Updated - //Thu 10-Mar-23
Hello C# Developers, here's a quick code share.
To start with, critically all C# strings are encoded using UTF-16. The function below is reducing the character mapping space to UTF-8. We are going to loose some characters here possibly, when you pump you string through this function.
Problem: Recently, I was working a C# code solution and getting an code fault with StringBuilder.ToString() which causing an EncoderFallbackException error:
"Unable to translate Unicode character \uxxxx at index xxx to specified code page."
Clearly I was attempting to write characters outside the UTF-8 character range, which I did not want. I just wanted a clean UTF-8 character string. I could catch EncoderFallbackException and clean but I want to avoid this altogether and not interested in results there.

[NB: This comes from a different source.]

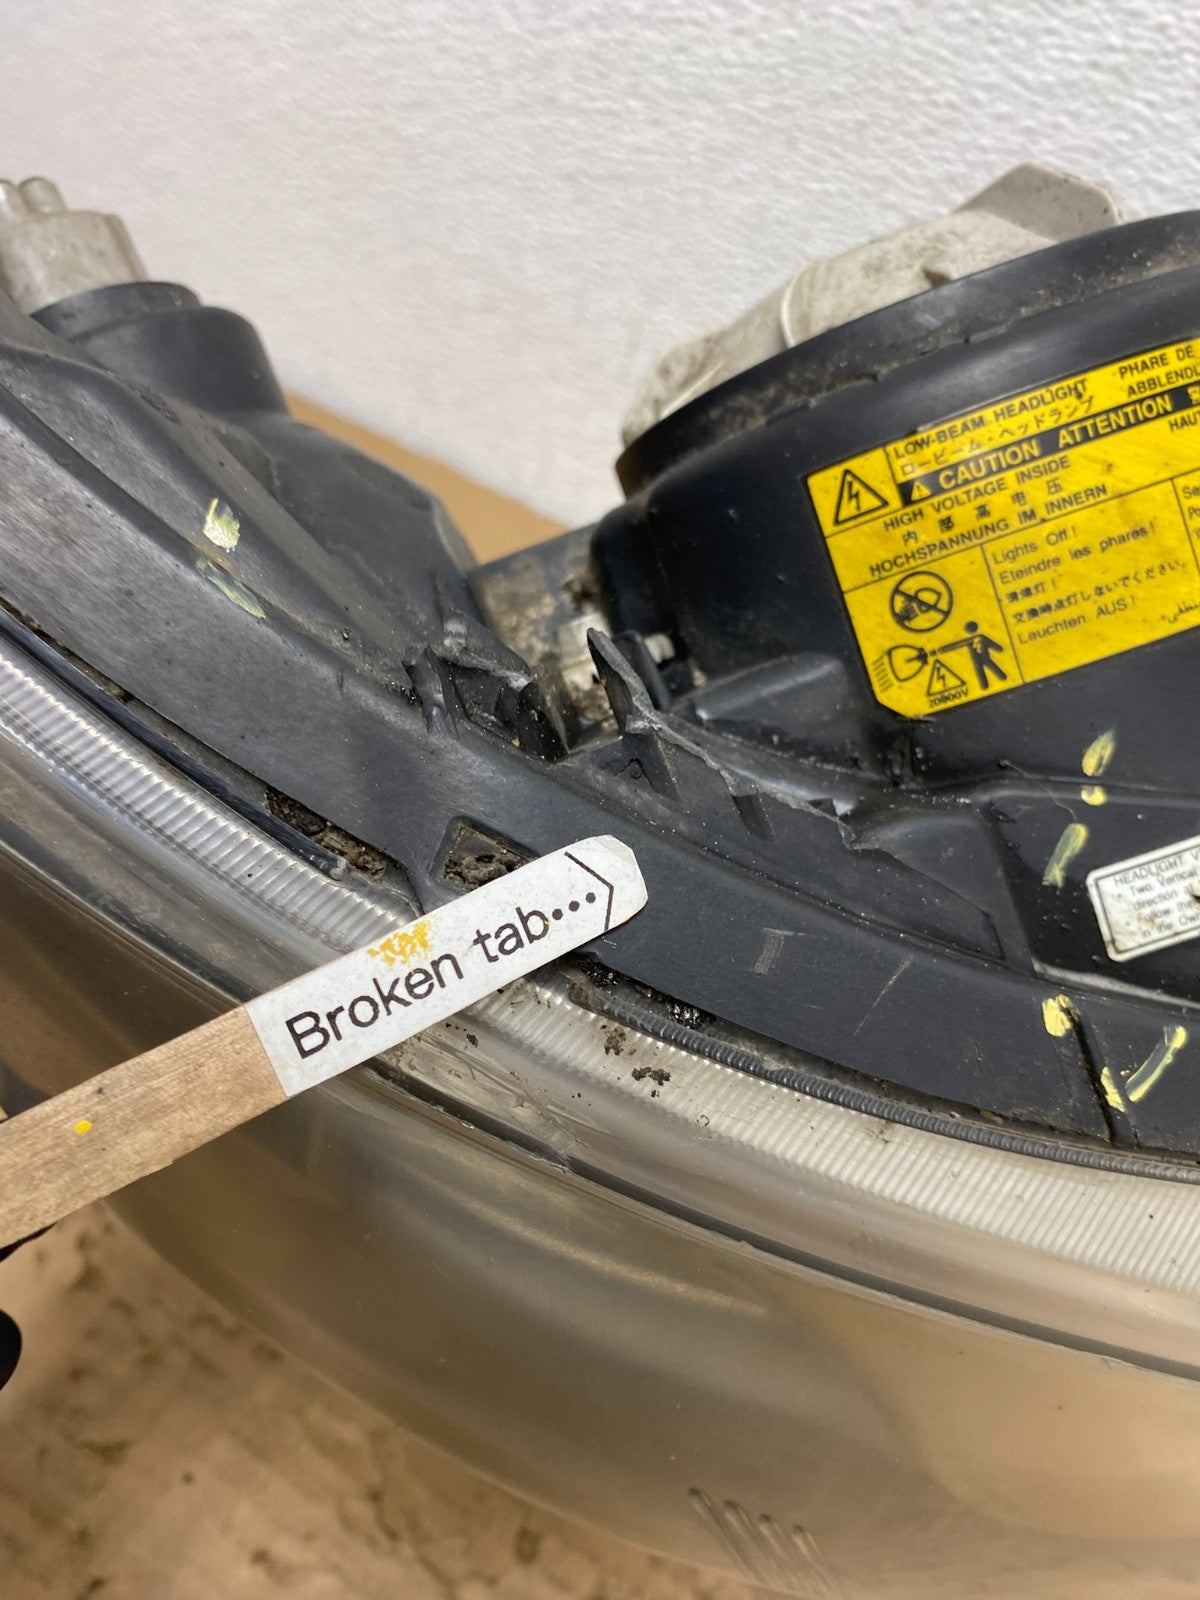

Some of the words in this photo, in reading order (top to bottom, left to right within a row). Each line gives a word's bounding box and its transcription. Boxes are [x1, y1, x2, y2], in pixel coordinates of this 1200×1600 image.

Requirment: So I needed a solution to convert StringBuilder to "clean" UTF-8 then assemble a string, before using the StringBuilder.ToString()function. "Clean" meaning strip all characters outside the UTF-8 range.
Issue: Most solutions on Stackoverflow and MSDN convert Stringbuilder to string using (
StringBuilder.ToString()function and then convert to UTF-8, very common.
Solution:
So here is my working code for StringBuildertoUTF8String(this StringBuilder sb) class that converts Stringbuilder to UTF-8 String using string extensions template.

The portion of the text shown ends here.